=== TASK OBJECTIVE ===
Below are some entries; reproduce them exactly and leave every picture out.
Content starts
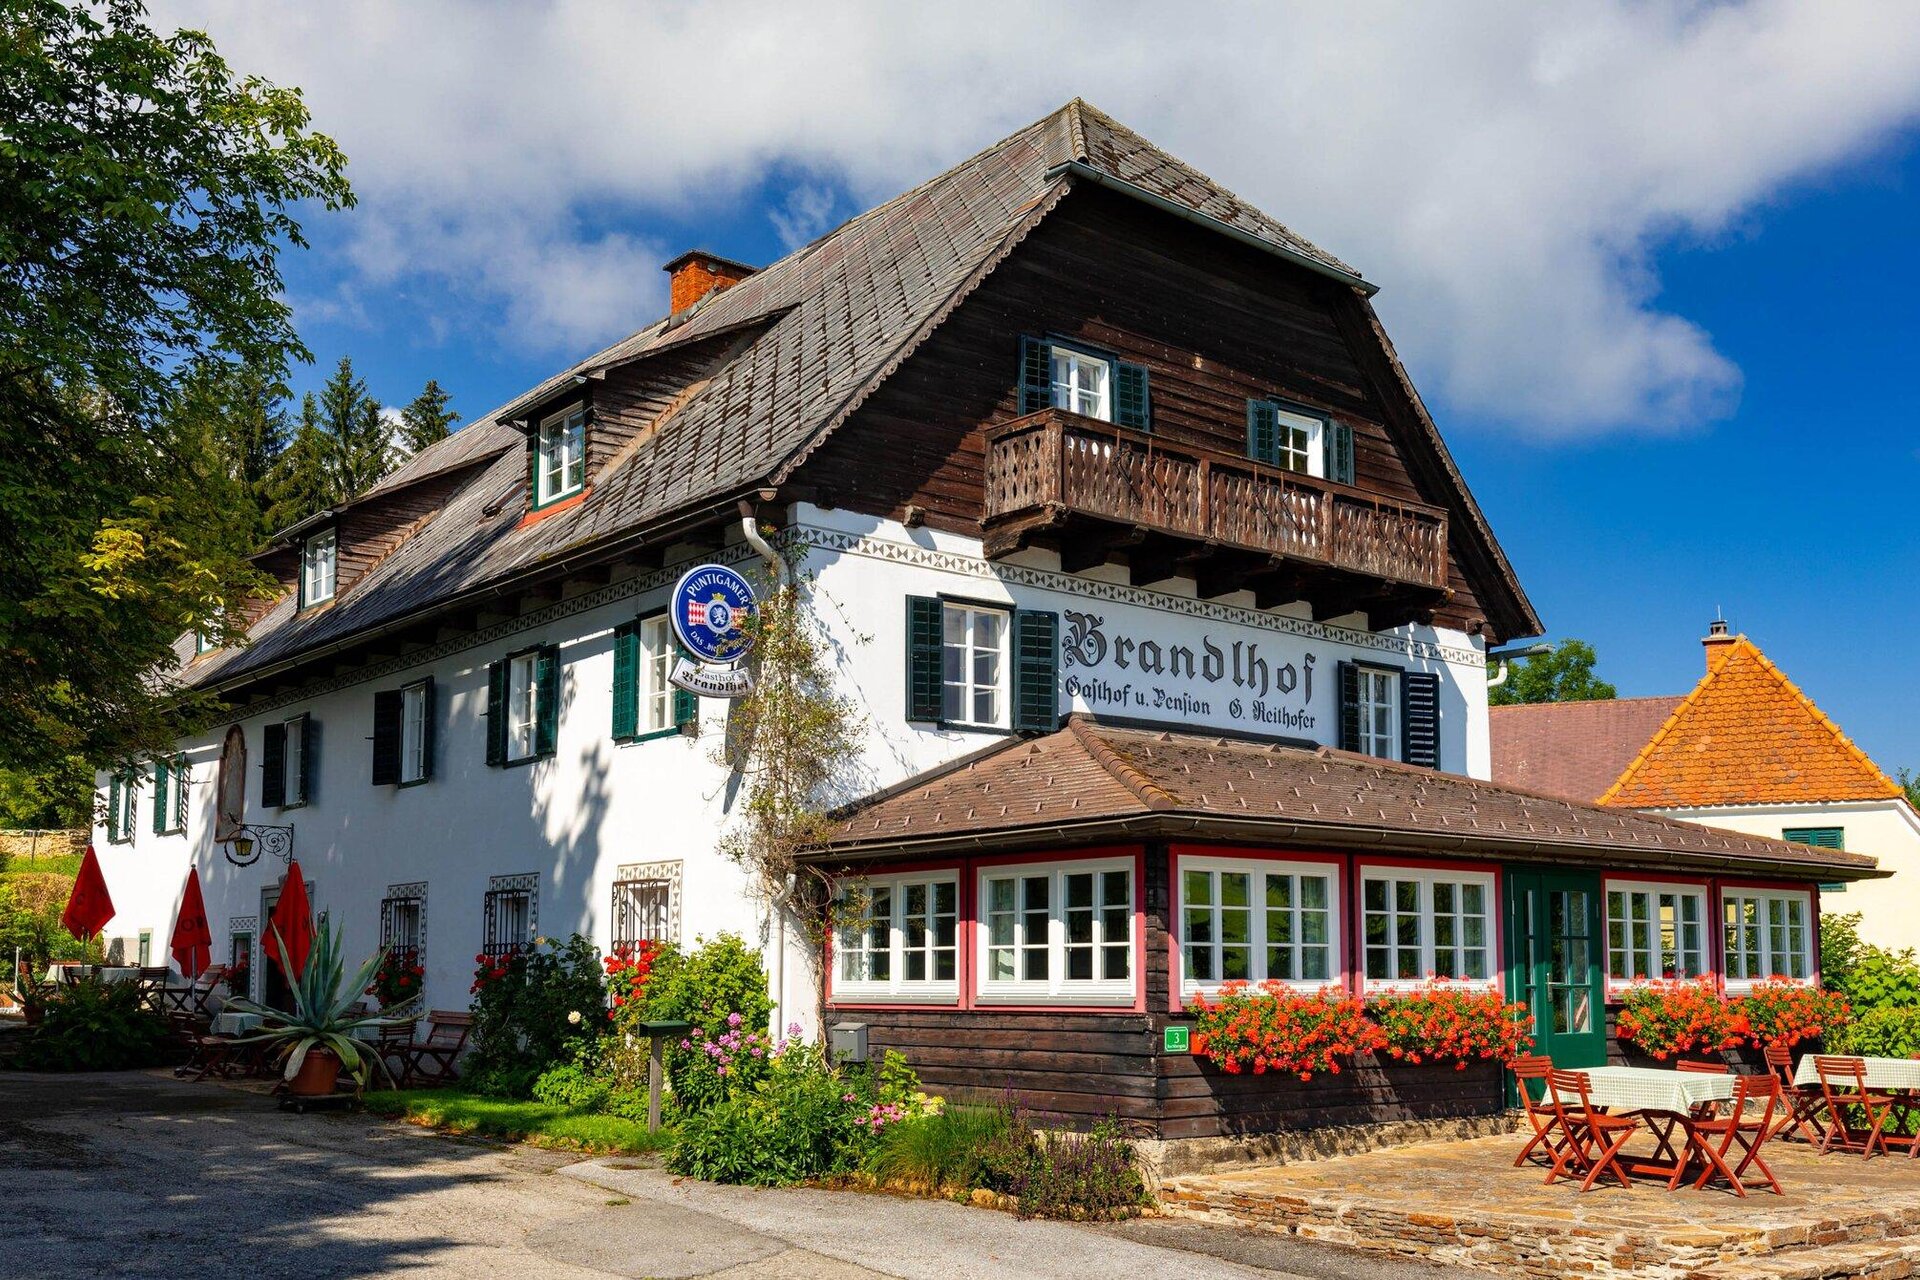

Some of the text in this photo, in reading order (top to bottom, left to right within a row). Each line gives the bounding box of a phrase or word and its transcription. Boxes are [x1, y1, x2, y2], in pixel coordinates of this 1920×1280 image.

[686, 574, 748, 604] PUNTIGAMER
[690, 631, 705, 646] DAS
[1062, 609, 1316, 705] Brandlhof
[1135, 691, 1149, 707] u.
[1252, 699, 1316, 731] Reithofer
[1174, 1032, 1180, 1044] 3
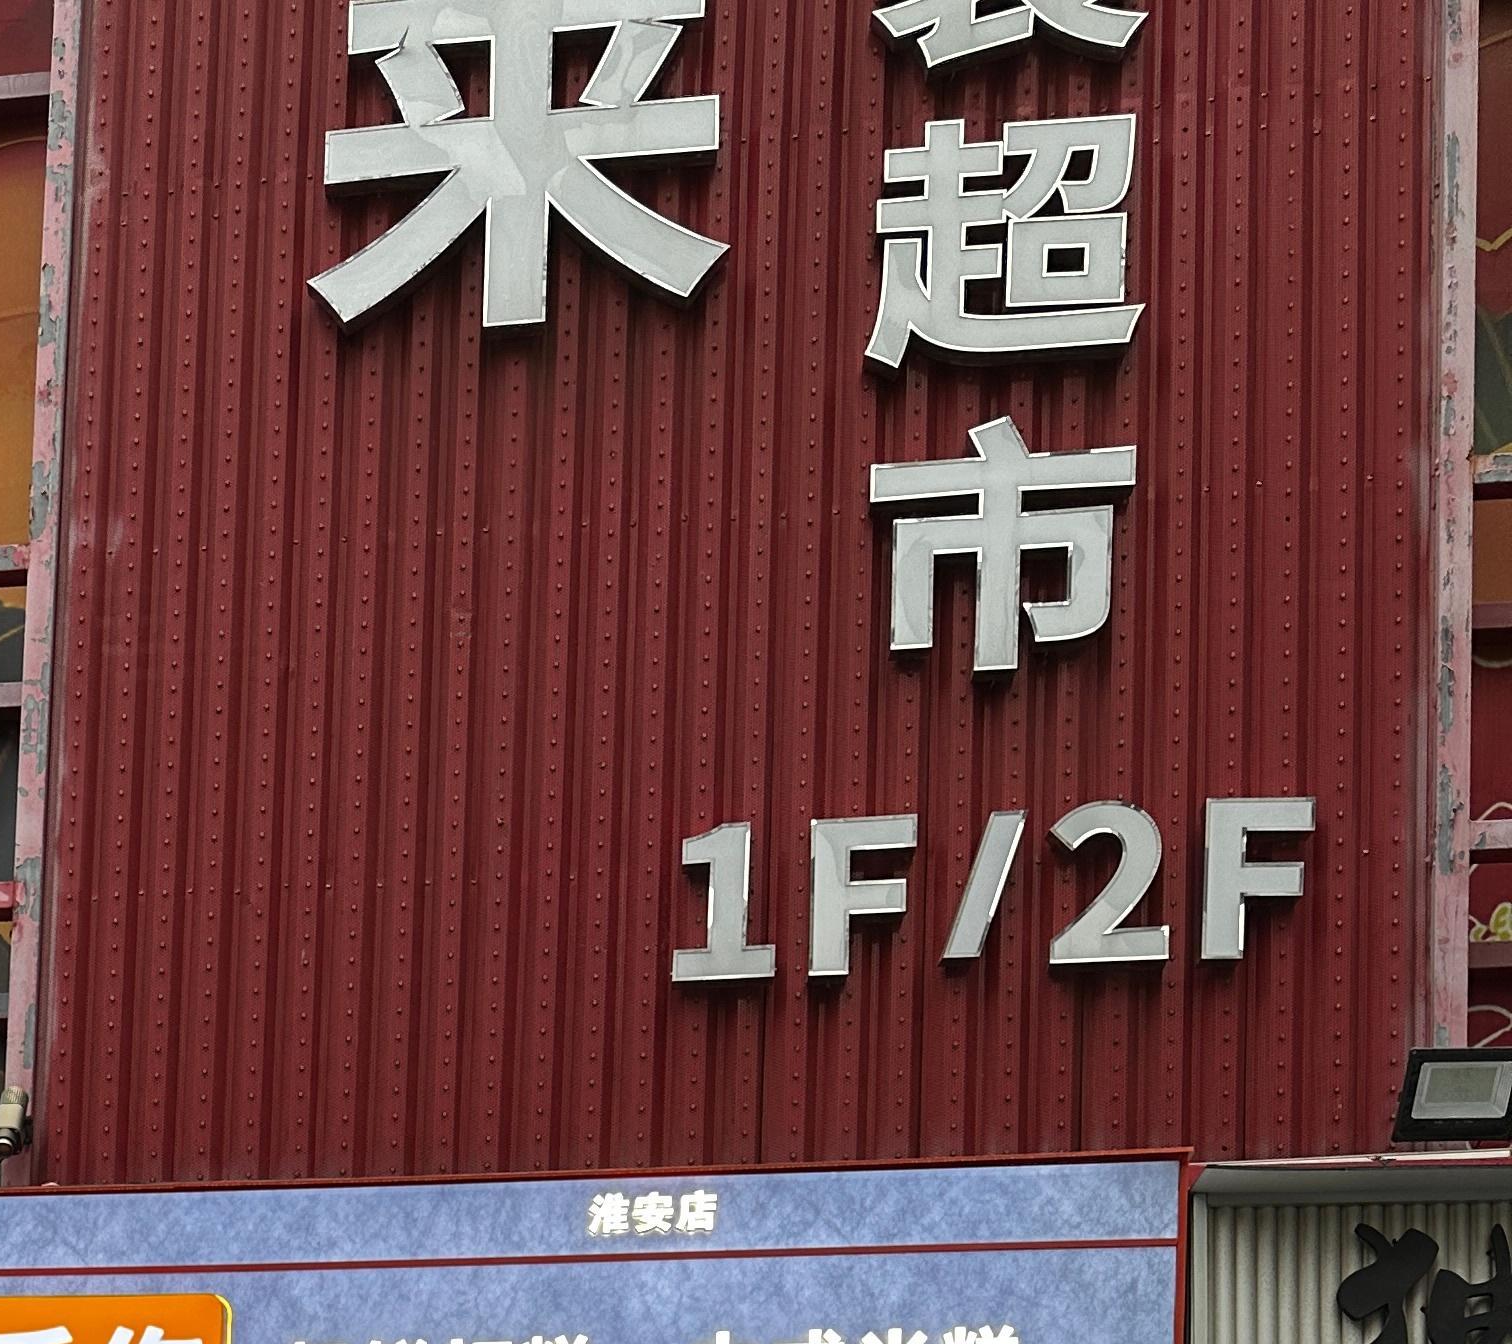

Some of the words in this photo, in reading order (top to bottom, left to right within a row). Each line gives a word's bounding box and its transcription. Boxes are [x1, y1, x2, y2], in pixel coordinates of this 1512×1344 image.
Content ends
=== TASK ANSWER ===
Some of the text in this photo, in reading order (top to bottom, left to right within a row). Each line gives the bounding box of a phrase or word and its transcription. Boxes are [x1, y1, x2, y2], in pixel coordinates of this 1920×1280 image.

[686, 574, 748, 604] PUNTIGAMER
[690, 631, 705, 646] DAS
[1062, 609, 1316, 705] Brandlhof
[1135, 691, 1149, 707] u.
[1252, 699, 1316, 731] Reithofer
[1174, 1032, 1180, 1044] 3

Some of the words in this photo, in reading order (top to bottom, left to right within a row). Each line gives a word's bounding box and its transcription. Boxes are [x1, y1, x2, y2], in pixel coordinates of this 1512×1344 image.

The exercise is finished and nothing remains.